Eisenbahngeschichte ist nicht nur Technik-, sondern auch Wirtschafts- und Sozialgeschichte. Wie war die finanzielle Situation der privaten Bahnen? Wie erging es den Arbeitern, woher kamen sie? Und was kostete eine Fahrkarte, das „kleine Inhaberpapier“? Das Tiroler Autorenteam hat die Antworten gefunden. Neben den typischen Lokomotiven dieser Bahnen, dem Brücken- und Oberbau kommt auch die Architektur der Hochbauten nicht zu kurz, soweit sie die letzten hundert Jahre überdauerten. Auch Neues ist entlang der Gleise entstanden.

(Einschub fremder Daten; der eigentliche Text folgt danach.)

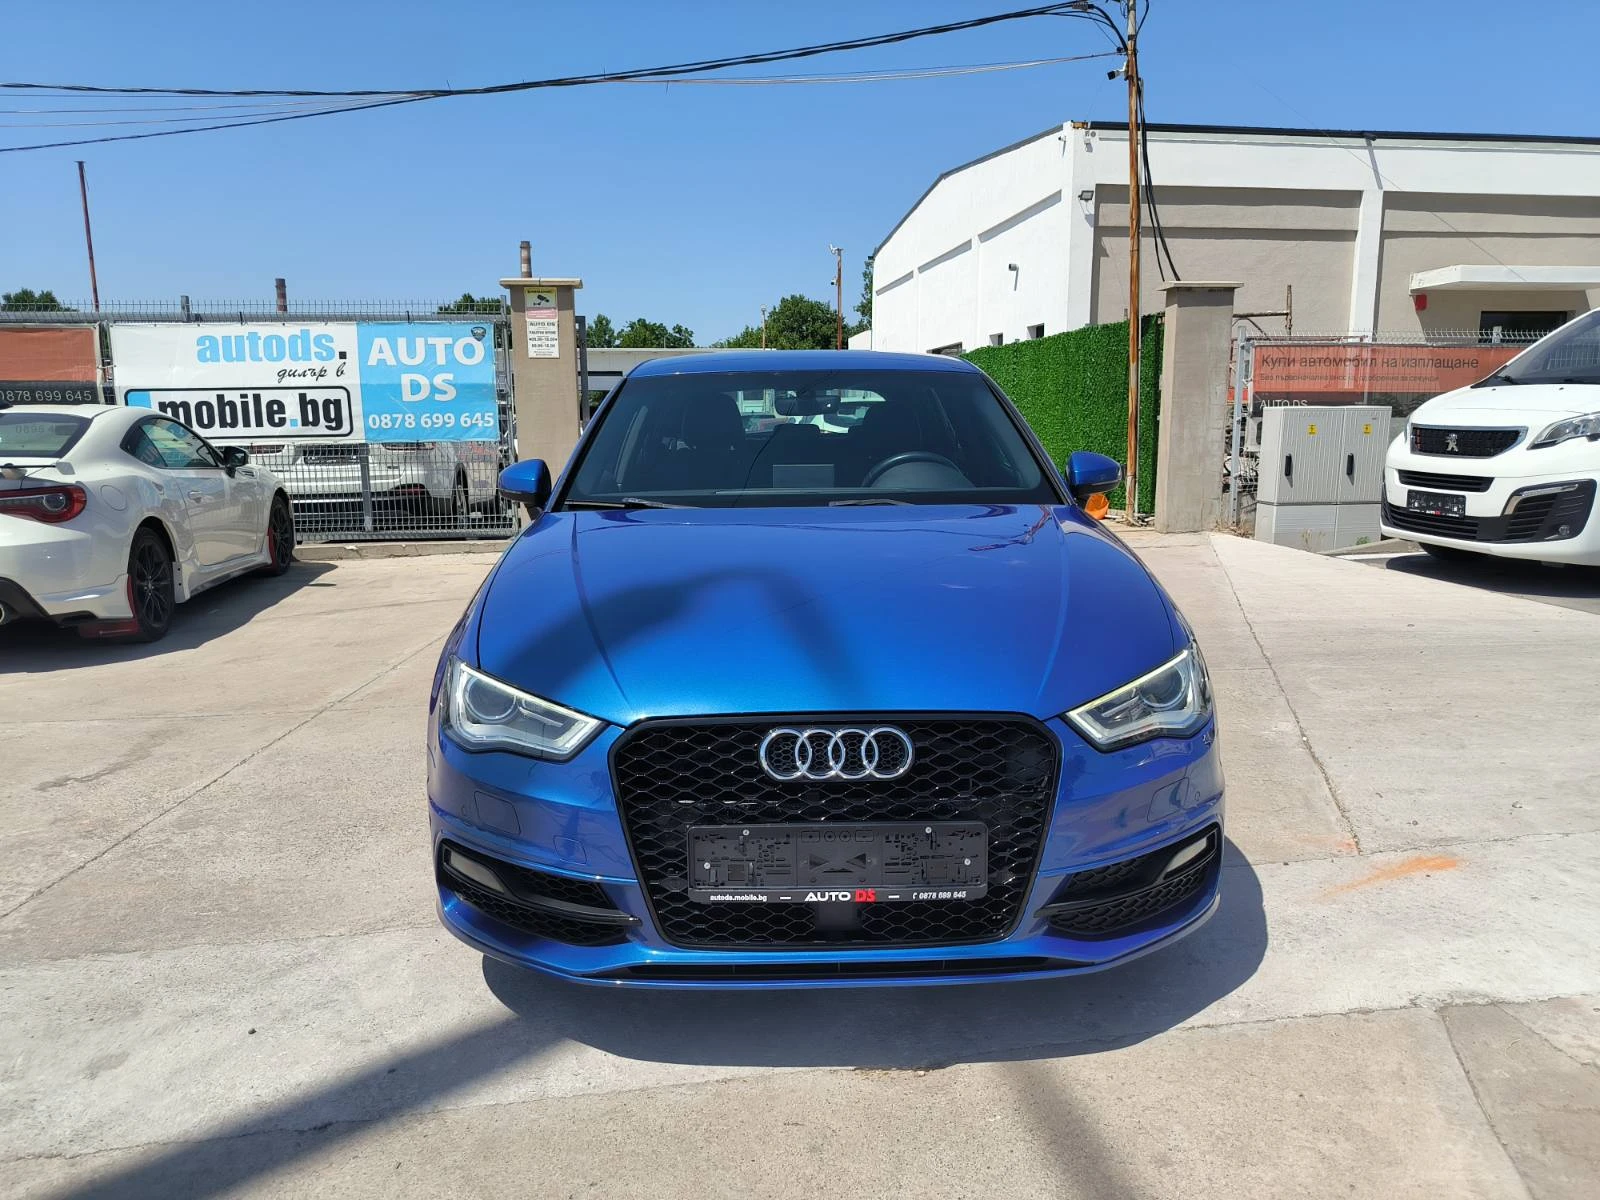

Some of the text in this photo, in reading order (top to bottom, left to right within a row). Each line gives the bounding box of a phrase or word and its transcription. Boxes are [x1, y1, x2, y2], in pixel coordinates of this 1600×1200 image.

[367, 336, 485, 366] AUTO
[1261, 354, 1480, 370] Купи автомобил на изплащане
[277, 366, 328, 384] дилър
[400, 372, 457, 402] DS
[35, 390, 62, 402] 699
[65, 390, 92, 402] 645
[1260, 399, 1290, 409] AUTO
[158, 392, 345, 432] mobile.bg
[368, 412, 495, 429] 0878 699 645
[804, 891, 851, 902] AUTO
[855, 889, 877, 903] DS

Das Autorenteam Dr. Helmut Pawelka aus Kramsach und Angela Jursitzka aus Innsbruck vollendete mit ihrem dritten Eisenbahnbuch eine Trilogie der großen Eisenbahnen Tirols. Bereits erschienen bei Alba Publikation: „Tirols Schienenweg in den Süden“, 2007 und „Bahn im schroffen Fels“, 2011.